Unlike the good and upright christians who run the Canterbury court and write leader columns for The Independent and Observer, communists do not think it is “indecent” or “puerile” to protest against the anti-human doctrines of the state-sponsored Church of England, which prattles on every Sunday about ‘christian love’ and the bliss of the next life, while denying the full equality of real sexual relations between members of the same sex here on earth. Or if the church does entertain the possibility - albeit with a slight shudder - it thinks that gays and lesbians should keep their relationships secret, as if it were something shameful.

There has been resistance to the anti-democratic nature of this legislation. The Secular Society, whose national secretary is now the aforementioned Nicolas Walter - one of the two 1966 anti-Vietnam war protesters - denounced the prosecution of Tatchell and has organised a petition calling for the repeal of the 1860 act. Signatories include such figures as Harold Pinter, Ludovic Kennedy, Alan Bennett, Vanessa Redgrave, Jonathan Miller and Richard Dawkins. Communists demand that all such laws - which exist to protect the Church of England - be abolished. Above all we demand the separation of church and state.

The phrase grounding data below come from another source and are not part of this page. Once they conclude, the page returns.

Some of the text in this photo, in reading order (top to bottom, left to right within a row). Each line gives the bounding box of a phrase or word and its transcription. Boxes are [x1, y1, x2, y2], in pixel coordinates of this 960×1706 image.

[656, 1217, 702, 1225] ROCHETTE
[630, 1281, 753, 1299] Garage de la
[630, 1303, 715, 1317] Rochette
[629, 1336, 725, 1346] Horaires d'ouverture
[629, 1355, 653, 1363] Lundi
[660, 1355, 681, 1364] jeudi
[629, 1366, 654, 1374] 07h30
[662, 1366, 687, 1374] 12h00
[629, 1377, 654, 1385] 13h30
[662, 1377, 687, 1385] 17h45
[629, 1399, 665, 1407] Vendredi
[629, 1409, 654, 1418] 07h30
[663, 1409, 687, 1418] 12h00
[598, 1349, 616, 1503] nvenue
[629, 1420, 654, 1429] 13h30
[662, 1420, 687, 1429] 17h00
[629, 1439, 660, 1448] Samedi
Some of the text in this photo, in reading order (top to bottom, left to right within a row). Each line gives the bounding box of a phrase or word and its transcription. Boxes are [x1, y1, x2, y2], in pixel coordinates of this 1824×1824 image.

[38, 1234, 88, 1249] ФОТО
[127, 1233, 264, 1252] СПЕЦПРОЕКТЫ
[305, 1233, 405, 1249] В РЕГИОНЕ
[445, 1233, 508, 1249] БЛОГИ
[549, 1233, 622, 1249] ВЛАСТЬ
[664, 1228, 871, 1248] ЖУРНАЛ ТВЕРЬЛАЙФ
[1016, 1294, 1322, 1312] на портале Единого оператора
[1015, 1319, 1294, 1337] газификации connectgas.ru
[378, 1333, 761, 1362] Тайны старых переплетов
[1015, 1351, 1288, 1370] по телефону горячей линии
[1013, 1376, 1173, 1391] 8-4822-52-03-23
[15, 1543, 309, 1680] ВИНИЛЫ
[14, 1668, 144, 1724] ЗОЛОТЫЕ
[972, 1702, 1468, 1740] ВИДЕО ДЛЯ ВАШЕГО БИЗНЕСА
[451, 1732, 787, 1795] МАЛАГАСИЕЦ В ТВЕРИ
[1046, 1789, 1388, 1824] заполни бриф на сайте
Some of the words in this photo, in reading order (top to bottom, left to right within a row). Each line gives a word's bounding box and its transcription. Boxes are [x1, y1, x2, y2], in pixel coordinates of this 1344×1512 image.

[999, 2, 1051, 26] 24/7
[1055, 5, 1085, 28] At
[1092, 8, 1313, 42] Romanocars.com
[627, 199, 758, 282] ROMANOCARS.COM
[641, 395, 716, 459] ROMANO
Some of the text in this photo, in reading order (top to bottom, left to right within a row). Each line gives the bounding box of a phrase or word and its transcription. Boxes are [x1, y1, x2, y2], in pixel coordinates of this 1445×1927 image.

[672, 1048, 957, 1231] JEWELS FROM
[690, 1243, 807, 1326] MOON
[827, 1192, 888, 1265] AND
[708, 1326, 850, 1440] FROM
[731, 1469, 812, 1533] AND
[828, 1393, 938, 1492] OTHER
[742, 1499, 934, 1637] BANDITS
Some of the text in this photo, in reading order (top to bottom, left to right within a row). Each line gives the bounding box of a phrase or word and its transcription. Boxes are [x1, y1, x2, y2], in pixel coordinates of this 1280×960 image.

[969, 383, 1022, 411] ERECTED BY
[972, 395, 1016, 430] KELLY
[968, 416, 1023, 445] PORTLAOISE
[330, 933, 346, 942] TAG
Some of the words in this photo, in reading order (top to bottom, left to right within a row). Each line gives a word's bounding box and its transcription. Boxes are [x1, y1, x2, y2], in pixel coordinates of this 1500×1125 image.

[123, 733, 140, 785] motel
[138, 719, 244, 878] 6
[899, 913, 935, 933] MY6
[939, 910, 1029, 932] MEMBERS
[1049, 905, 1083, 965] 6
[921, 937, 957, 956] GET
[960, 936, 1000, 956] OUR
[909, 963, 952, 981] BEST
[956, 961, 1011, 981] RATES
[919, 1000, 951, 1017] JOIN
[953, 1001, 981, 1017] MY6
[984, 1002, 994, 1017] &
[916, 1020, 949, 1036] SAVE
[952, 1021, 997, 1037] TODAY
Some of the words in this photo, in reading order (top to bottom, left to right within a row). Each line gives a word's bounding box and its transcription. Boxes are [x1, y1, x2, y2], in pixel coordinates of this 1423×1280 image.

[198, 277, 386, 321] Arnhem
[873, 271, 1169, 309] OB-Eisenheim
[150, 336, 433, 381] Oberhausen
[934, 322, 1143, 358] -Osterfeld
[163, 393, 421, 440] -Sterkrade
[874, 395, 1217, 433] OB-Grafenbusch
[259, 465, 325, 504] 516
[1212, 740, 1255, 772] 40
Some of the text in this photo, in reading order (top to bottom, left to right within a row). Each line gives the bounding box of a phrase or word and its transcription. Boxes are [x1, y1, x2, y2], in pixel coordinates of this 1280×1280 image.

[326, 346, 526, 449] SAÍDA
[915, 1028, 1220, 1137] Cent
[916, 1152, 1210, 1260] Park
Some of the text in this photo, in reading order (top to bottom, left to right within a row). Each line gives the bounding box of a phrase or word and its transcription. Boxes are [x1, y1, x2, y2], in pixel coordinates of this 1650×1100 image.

The Secular Society petition infuriated Richard Ingrams. He ridiculed the signatories, “who apparently think the law should be abolished leaving Mr Tatchell free to disrupt worship whenever the urge takes him”. He also detected a cunning atheistic plot to crush all the faithful: “What motivates these eminent people more than anything is a simple hatred of religion. It’s not that they don’t approve of freedom to worship; they hate the very idea of worship in the first place.”

Yet Tatchell was right to emphasise that he had not attacked the christian religion nor “disrupted the sacred part of the service”. We too respect the humanity contained in aspects of christianity and the humanity of many practising christians - lay and cleric - but not the pro-state, anti-sex hypocrisy, lies and cant promulgated by the established church. Frankly, that deserves our contempt. Not that we have any plan or desire to erect an Enver Hoxha-like atheocracy in Britain - far from it.

There must be freedom for atheistic education. But there must also be complete freedom for religious worship.